Increasing Revenue, Lower Forecast
The company's 2013 Q3 report (its fiscal Q1) saw revenue grow to $12.1 billion, a year over year increase of 2 percent. But guidance was lowered to a 10 percent revenue decline, which sent investors heading for the exits following the report. The vast majority of the company's revenue is from products, which inched up 1.1 percent while services grew at 4.2 percent year over year. Revenue in China fell as the company is under pressure from the U.S. government surveillance spy scandal that has caused the Chinese government to rethink its business with American tech companies that build its technology infrastructure.

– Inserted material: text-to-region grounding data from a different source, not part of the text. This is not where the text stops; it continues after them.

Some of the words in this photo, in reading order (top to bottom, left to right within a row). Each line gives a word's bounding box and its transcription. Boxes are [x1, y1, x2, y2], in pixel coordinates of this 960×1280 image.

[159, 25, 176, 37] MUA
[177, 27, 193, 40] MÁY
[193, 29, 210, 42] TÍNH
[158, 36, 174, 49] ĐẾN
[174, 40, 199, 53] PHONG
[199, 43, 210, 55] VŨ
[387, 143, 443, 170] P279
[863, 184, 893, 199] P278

One the bright side, sales were up slightly in North and South America for a four percent increase. But global sales were less encouraging as revenue fell in Mexico, India and China, each by 18 percent. Even worse, revenue in Brazil was down 25 percent while revenue in Russia dropped 30 percent. More uneasy news in the report was that operating expenses grew 7.9 percent to $5 billion from the same quarter the previous year due to increased research and development costs. Net income was down from $2.1 billion to $2.0 billion. In an attempt to refocus investor attention on the stock, Cisco said it will boost its stock repurchasing by an additional $15 billion after buying back $2 billion worth of shares in the quarter. The company also issued a 2.9 percent dividend valued at $914 million.
New Enterprise Solutions
The reason Cisco isn't really that much of a risk is because it's a company that continues to help other companies find efficient solutions. That's one of the most important qualities for any company in the new economy. The company announced in November 2013 that its EnergyWise Suite helps businesses reduce energy costs and carbon emissions for connected devices. This development is a result of Cisco's recent acquisition of JouleX software, which integrates with its existing solutions.

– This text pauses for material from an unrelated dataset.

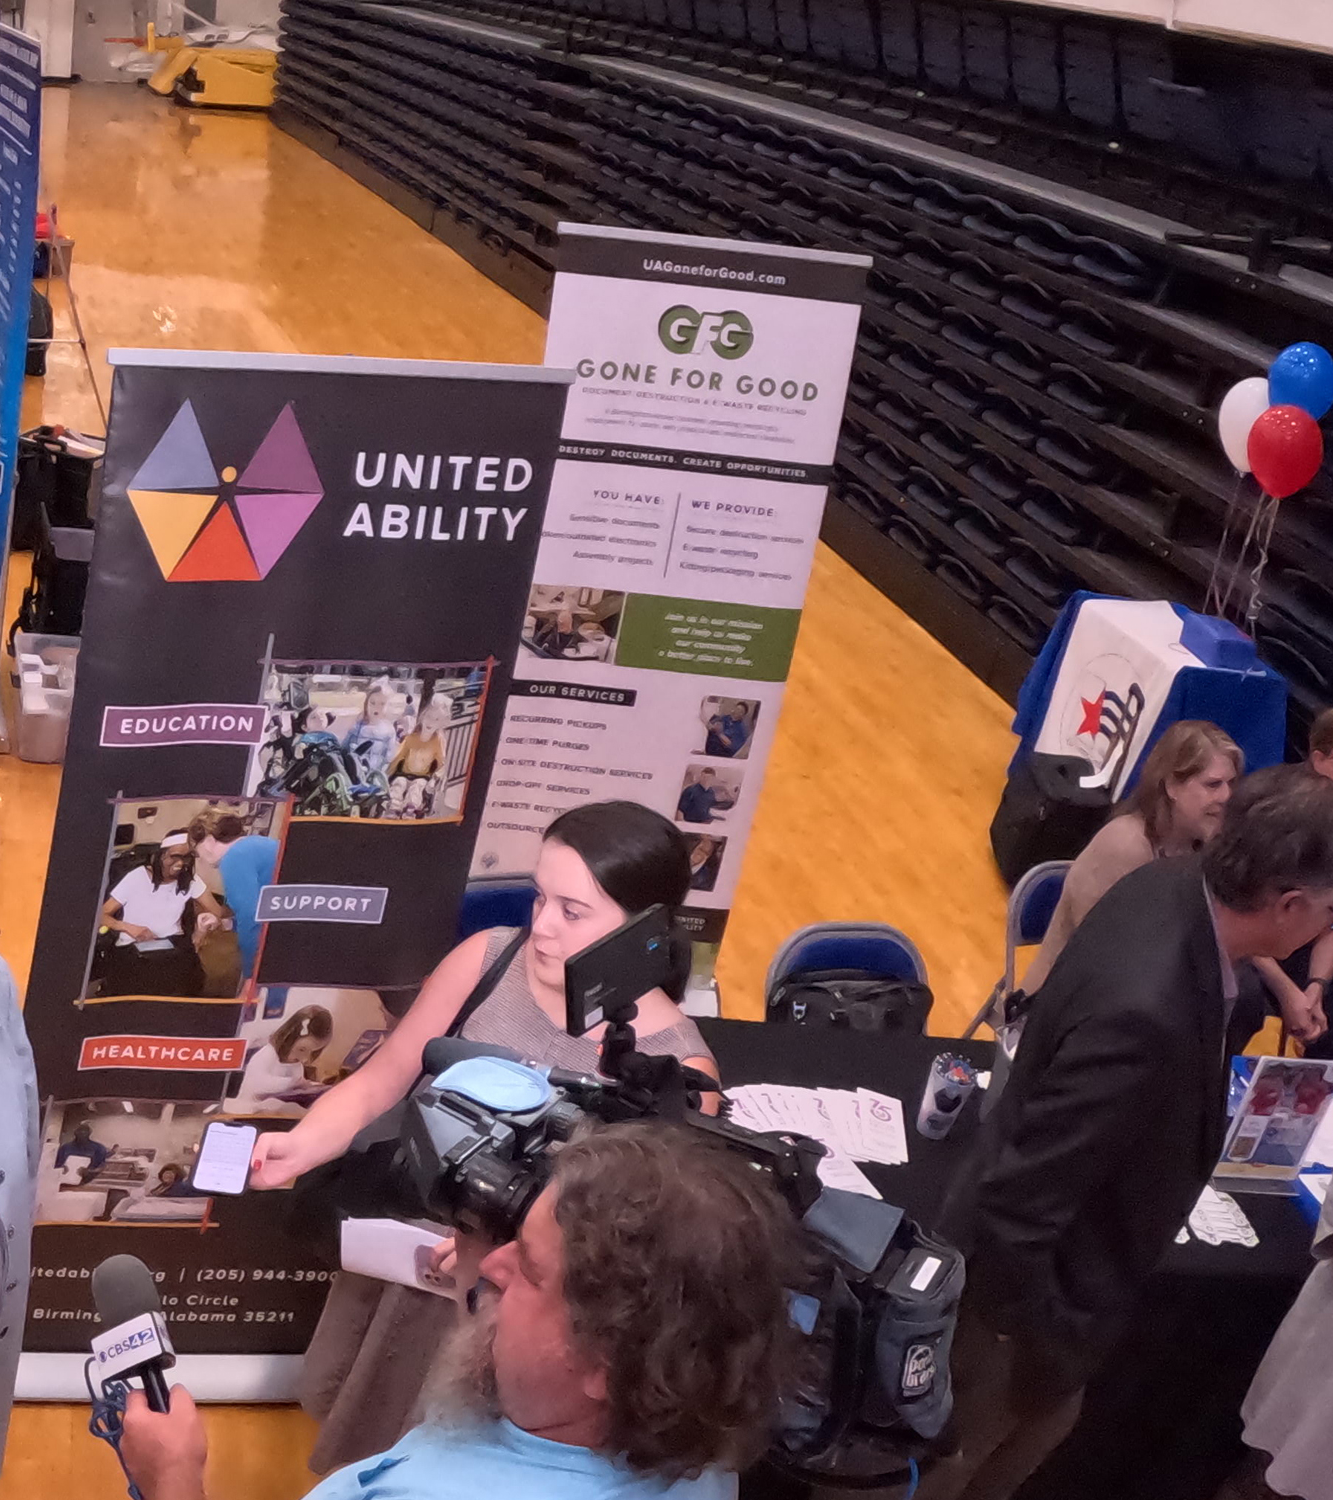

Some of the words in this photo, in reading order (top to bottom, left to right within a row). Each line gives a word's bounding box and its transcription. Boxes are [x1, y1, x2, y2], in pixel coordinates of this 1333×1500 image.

EnergyWise makes network systems more energy efficient because of its monitoring, measuring and energy management capabilities. The service affects switches, routers, servers and access points as well as IP phones, laptops and monitors. It can even help make ATM machines achieve more energy efficiency. This development is revolutionary since IT energy accounts for up to 80 percent of energy consumed by an enterprise. Almost every business wants to lower these costs, not to mention growing concerns about environmental safety, so it may help make up for lost global revenue.

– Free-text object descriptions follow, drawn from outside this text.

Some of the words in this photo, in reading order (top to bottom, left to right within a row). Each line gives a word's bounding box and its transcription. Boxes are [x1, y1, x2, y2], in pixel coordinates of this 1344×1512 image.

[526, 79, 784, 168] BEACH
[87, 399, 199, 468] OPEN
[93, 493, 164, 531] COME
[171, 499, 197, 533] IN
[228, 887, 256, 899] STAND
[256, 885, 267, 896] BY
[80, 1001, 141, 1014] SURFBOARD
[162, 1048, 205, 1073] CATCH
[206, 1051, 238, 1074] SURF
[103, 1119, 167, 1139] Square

Cisco's fundamentals are actually strong, despite falling global revenue. Both revenue and net income were up the past year with increasing assets from $92.6 billion to $100.7 billion while liabilities only increased slightly from $39.9 billion to $41.8 billion. The stock has stayed on a steady path over a long time frame despite not being able to bust out of the $15 to $30 range it's been stuck in the past decade. During 2013 CSCO has traded between $18 to $26 and following its November 14 report fell 11 percent to $21 due mainly to disappointing guidance. Based on the stock's overall stability and the fact it's only trading around 11 times earnings, Cisco appears to be a safe investment as long as its products have high demand in the United States.
Disclosure: I have no positions in any stocks mentioned, and no plans to initiate any positions within the next 72 hours. I wrote this article myself, and it expresses my own opinions. I am not receiving compensation for it (other than from Seeking Alpha). I have no business relationship with any company whose stock is mentioned in this article.